### What is being asked
Write exactly, with no line omitted or added, the span beginning at the line that holds "this 1600×987 image." and ending at the last line of the records.

### Dataset content
^^^^^^^^

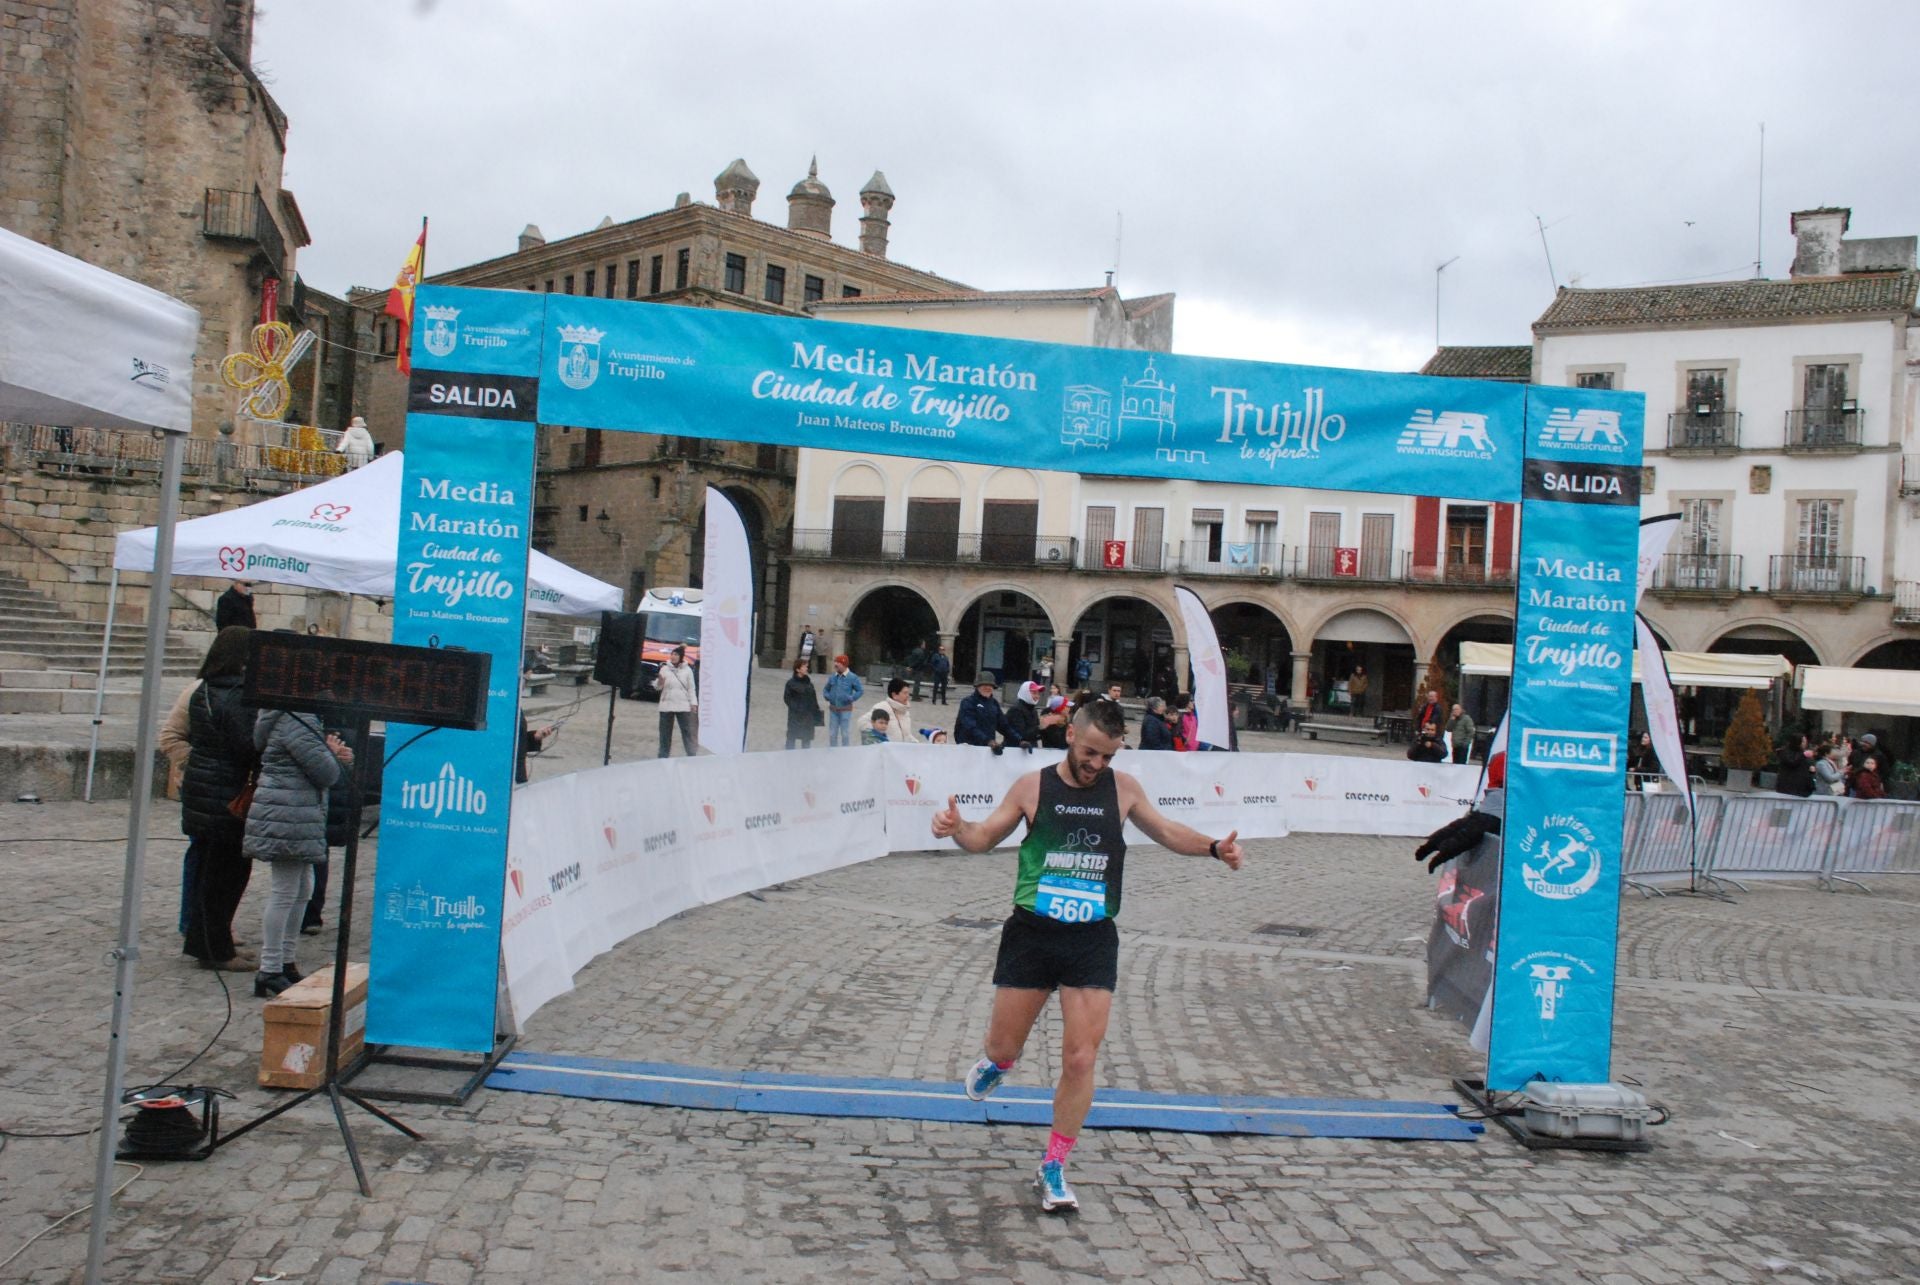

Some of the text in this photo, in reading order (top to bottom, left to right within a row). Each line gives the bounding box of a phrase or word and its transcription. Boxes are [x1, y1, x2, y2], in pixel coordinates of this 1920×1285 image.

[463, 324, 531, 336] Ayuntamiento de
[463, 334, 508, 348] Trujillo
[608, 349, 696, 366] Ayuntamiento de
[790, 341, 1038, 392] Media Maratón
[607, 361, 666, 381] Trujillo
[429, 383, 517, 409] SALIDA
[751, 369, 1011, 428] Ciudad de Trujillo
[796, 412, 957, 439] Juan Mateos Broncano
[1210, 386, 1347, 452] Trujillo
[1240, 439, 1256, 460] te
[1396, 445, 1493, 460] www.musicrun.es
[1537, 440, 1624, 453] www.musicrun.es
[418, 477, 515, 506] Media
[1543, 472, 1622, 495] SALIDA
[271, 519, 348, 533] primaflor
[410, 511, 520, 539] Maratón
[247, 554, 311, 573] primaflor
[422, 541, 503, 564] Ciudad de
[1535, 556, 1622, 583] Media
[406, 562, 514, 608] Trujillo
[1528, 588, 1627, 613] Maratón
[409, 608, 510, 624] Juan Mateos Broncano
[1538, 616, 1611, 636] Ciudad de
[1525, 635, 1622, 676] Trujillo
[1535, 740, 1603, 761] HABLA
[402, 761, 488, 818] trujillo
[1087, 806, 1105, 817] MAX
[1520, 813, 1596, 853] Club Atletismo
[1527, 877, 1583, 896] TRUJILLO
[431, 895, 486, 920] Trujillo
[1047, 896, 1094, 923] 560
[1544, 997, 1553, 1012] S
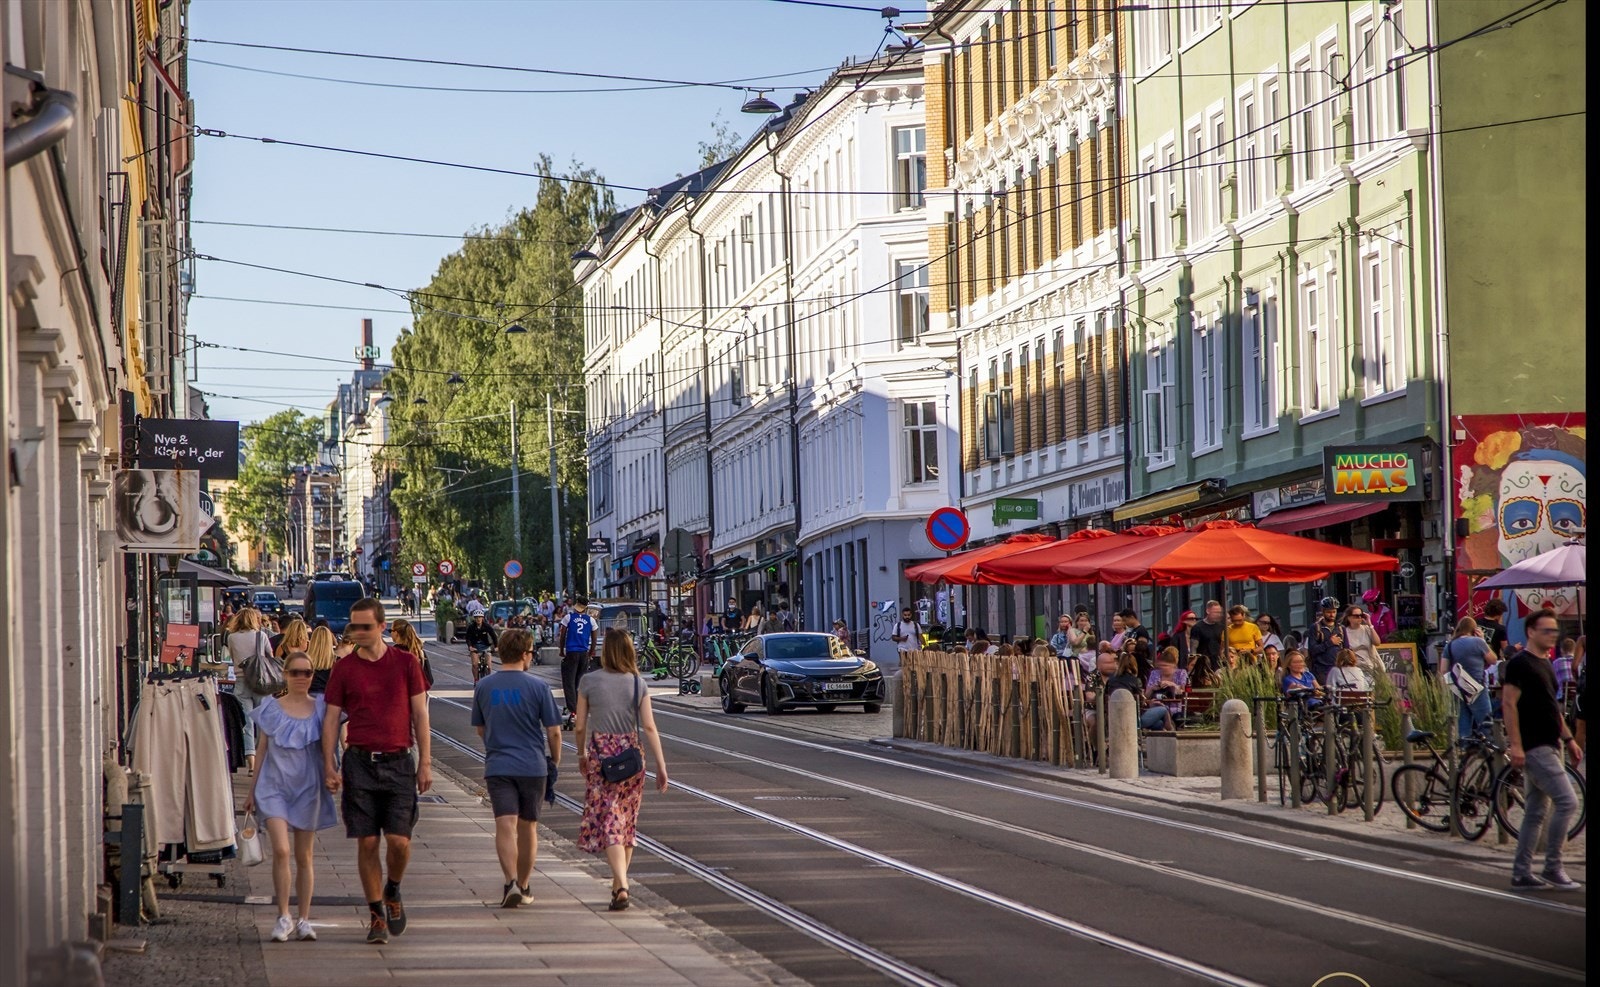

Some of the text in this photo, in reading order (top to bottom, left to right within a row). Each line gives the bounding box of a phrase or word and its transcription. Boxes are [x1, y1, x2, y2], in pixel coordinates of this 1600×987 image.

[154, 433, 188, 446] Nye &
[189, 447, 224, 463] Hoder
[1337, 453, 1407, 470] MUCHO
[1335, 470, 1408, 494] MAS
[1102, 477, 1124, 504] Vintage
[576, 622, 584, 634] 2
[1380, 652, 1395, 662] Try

^^^^^^^^

### Exercise solution
Some of the text in this photo, in reading order (top to bottom, left to right within a row). Each line gives the bounding box of a phrase or word and its transcription. Boxes are [x1, y1, x2, y2], in pixel coordinates of this 1600×987 image.

[154, 433, 188, 446] Nye &
[189, 447, 224, 463] Hoder
[1337, 453, 1407, 470] MUCHO
[1335, 470, 1408, 494] MAS
[1102, 477, 1124, 504] Vintage
[576, 622, 584, 634] 2
[1380, 652, 1395, 662] Try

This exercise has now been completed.